Exercise description:
Please return each entry exactly as it appears, but not the pictures.

===== Provided material

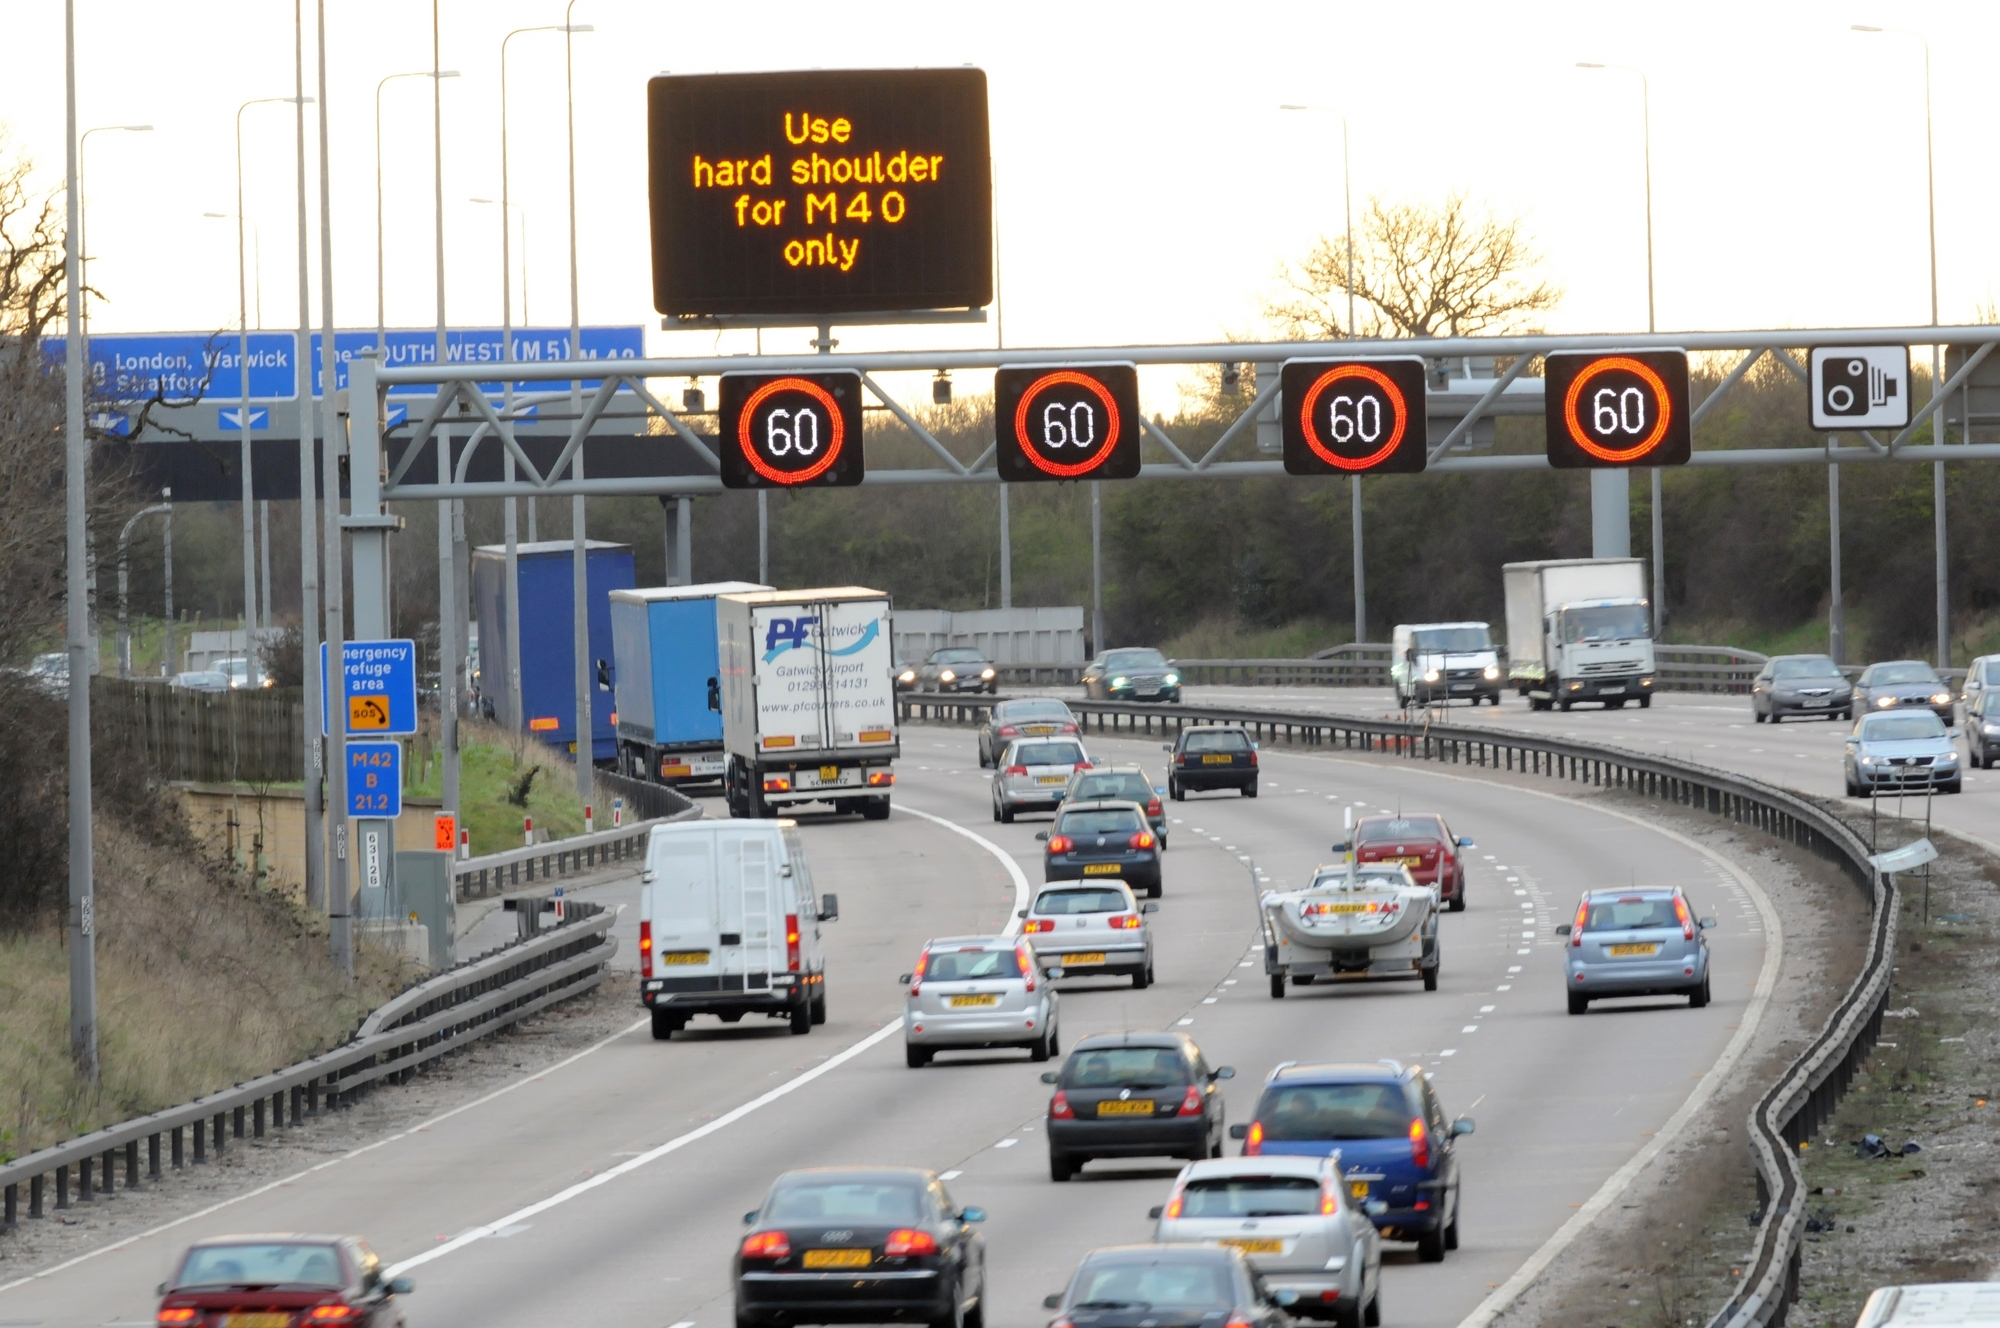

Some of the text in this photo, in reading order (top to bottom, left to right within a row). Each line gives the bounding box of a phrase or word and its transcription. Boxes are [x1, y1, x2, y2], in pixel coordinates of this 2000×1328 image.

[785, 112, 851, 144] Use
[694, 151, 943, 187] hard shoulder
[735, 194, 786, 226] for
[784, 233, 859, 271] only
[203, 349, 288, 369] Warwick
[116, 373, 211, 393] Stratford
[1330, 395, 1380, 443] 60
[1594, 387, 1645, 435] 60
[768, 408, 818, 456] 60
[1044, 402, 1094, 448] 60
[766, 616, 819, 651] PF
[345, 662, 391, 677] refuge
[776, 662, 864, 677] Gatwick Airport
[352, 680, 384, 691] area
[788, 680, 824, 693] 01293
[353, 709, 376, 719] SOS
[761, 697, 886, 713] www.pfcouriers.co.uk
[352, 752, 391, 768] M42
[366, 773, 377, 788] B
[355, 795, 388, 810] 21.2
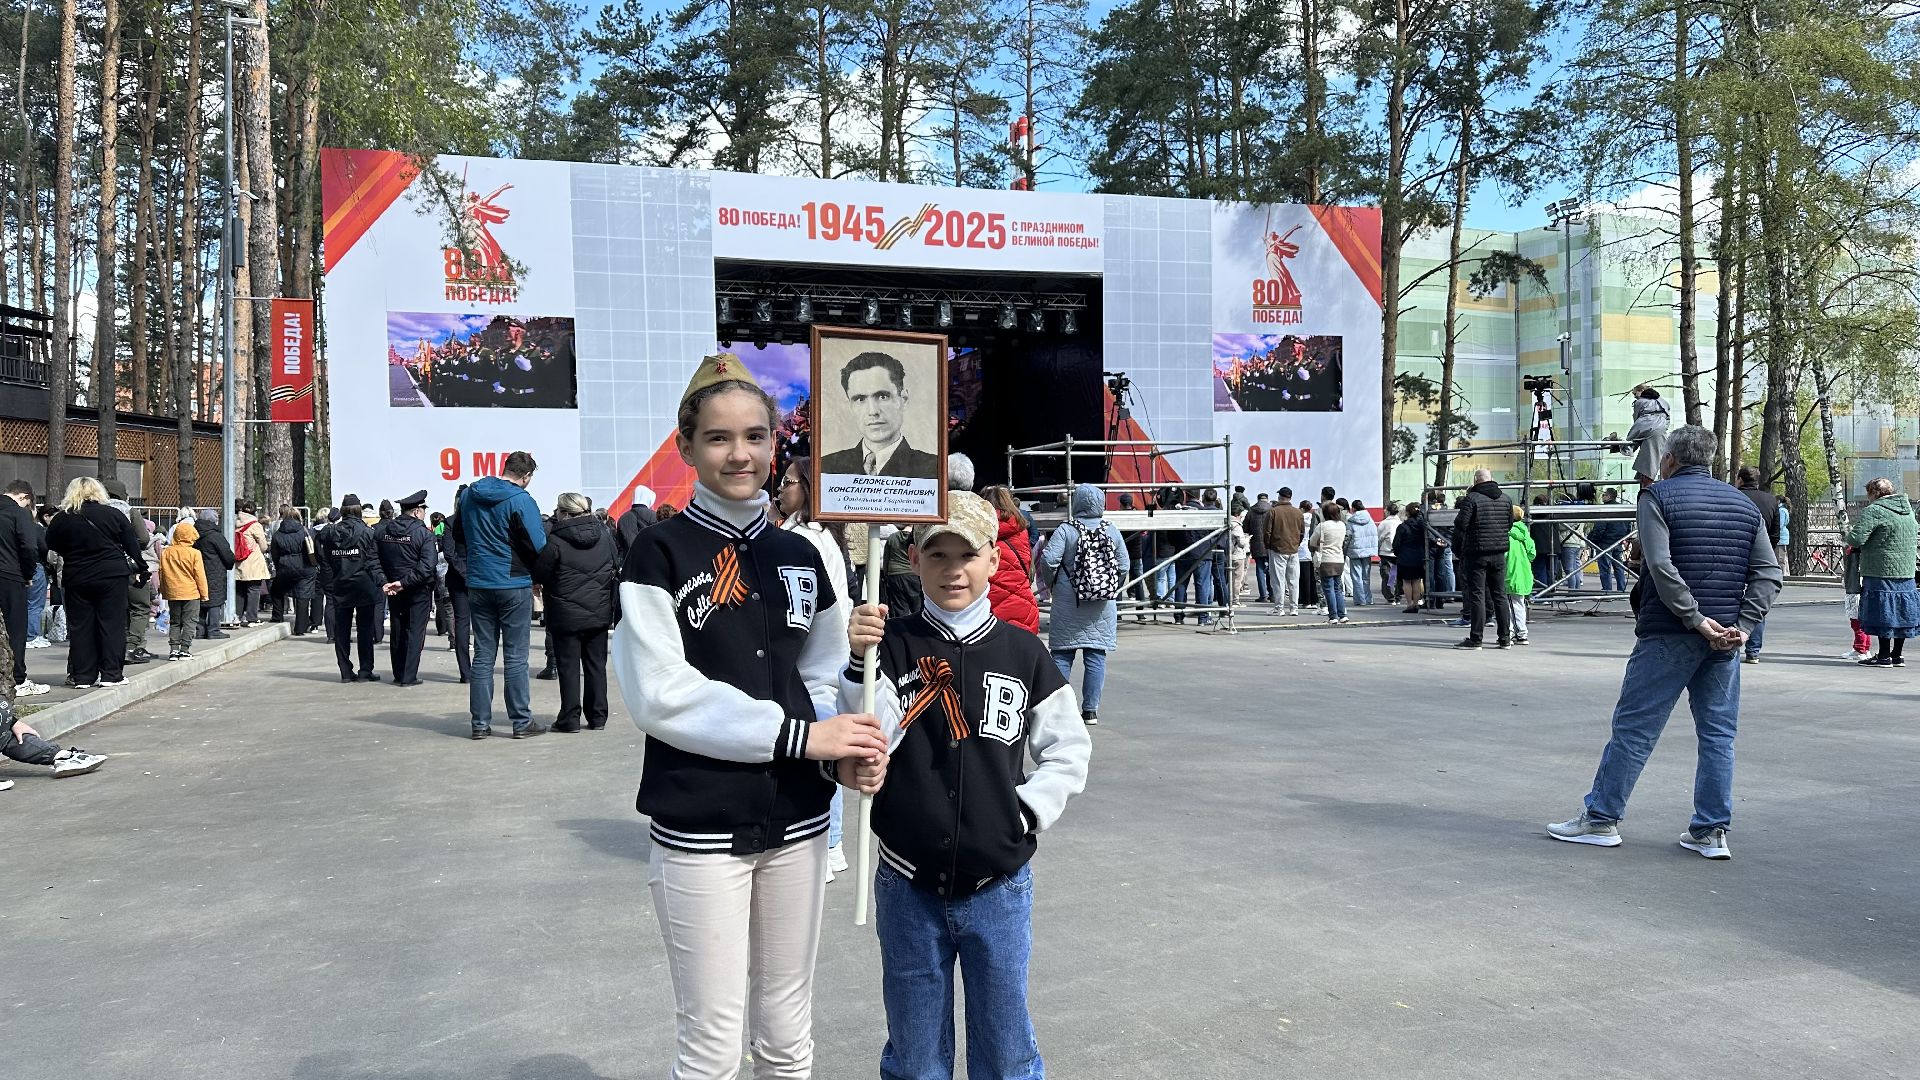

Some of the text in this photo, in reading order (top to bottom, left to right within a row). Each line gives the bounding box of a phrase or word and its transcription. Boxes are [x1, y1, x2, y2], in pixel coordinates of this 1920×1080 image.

==========

Task solution:
Some of the text in this photo, in reading order (top to bottom, left to right within a row). Each line gives the bounding box of a phrase or word and its transcription. Boxes are [x1, y1, x2, y2], in pixel coordinates of this 2000×1328 image.

[785, 112, 851, 144] Use
[694, 151, 943, 187] hard shoulder
[735, 194, 786, 226] for
[784, 233, 859, 271] only
[203, 349, 288, 369] Warwick
[116, 373, 211, 393] Stratford
[1330, 395, 1380, 443] 60
[1594, 387, 1645, 435] 60
[768, 408, 818, 456] 60
[1044, 402, 1094, 448] 60
[766, 616, 819, 651] PF
[345, 662, 391, 677] refuge
[776, 662, 864, 677] Gatwick Airport
[352, 680, 384, 691] area
[788, 680, 824, 693] 01293
[353, 709, 376, 719] SOS
[761, 697, 886, 713] www.pfcouriers.co.uk
[352, 752, 391, 768] M42
[366, 773, 377, 788] B
[355, 795, 388, 810] 21.2

Some of the text in this photo, in reading order (top to bottom, left to right within a row). Each line gives the bounding box of a phrase or word and its transcription. Boxes are [x1, y1, x2, y2], in pixel coordinates of this 1920×1080 image.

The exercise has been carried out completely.